Selon le quotidien libanais Al Nahar, lors d’une conférence sur “ l’interaction entre la foi et la société” tenue à NDU university à Zouk Mosbeh dans la province libanaise de Jabal, le cheikh Hussein Ahmad Chahada al Amin a indiqué : “Aujourd’hui, l’un des plus importants défis des chefs religieux est la crise de la connaissance de la religion.”
Représentant Sayed Ali Fadlullah à la conférence, il a ajouté : “La crise dans la formation de la logique religieuse, la crise de la séparation entre la politique d’une part et de l’autre part la foi et les valeurs morales, due au défi de la mondialisation et la crise de la pensée et de la manière de sortir des problèmes sont des défis qui ont leur source dans la crise de la connaissance de la religion.”
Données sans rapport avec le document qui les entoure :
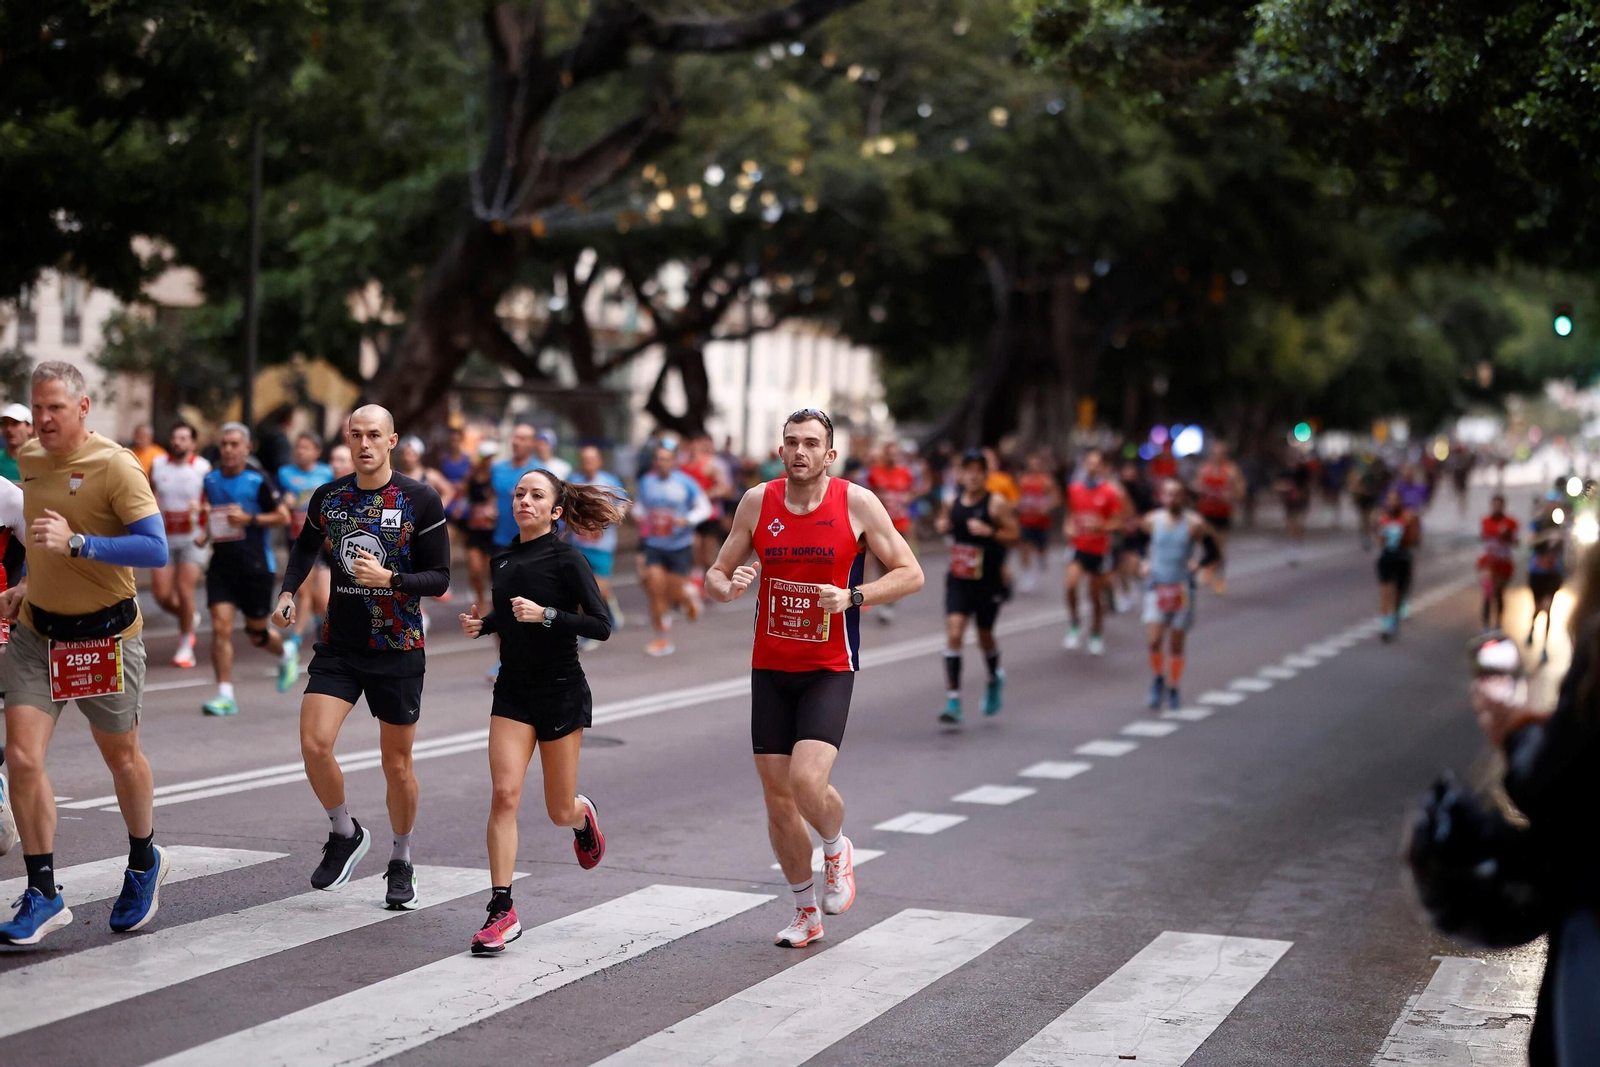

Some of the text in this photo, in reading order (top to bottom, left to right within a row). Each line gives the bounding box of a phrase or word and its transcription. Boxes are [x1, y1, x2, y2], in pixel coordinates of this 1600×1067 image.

Il a ajouté : “Les meilleures relations entre religions dépendent de la correction de l’esprit de fraternité et des mentalités toutes faites, ce qui veut dire qu’il ne suffit pas de revenir vers la valeur de la liberté et d’accepter les variétés et l’autrui, mais qu’il faut généraliser l’esprit de la tolérance et l’incarnation des valeurs communes au point que ces dernières ne deviennent point sources de désaccords.”
Le cheikh Malik al Shoar, mufti de Tripoli et du Nord a souligné lors de cette conférence que le monde ne peut se réformer sans la foi, parce que toutes les religions ont pour but de favoriser la réalisation des intérêts de tous les serviteurs.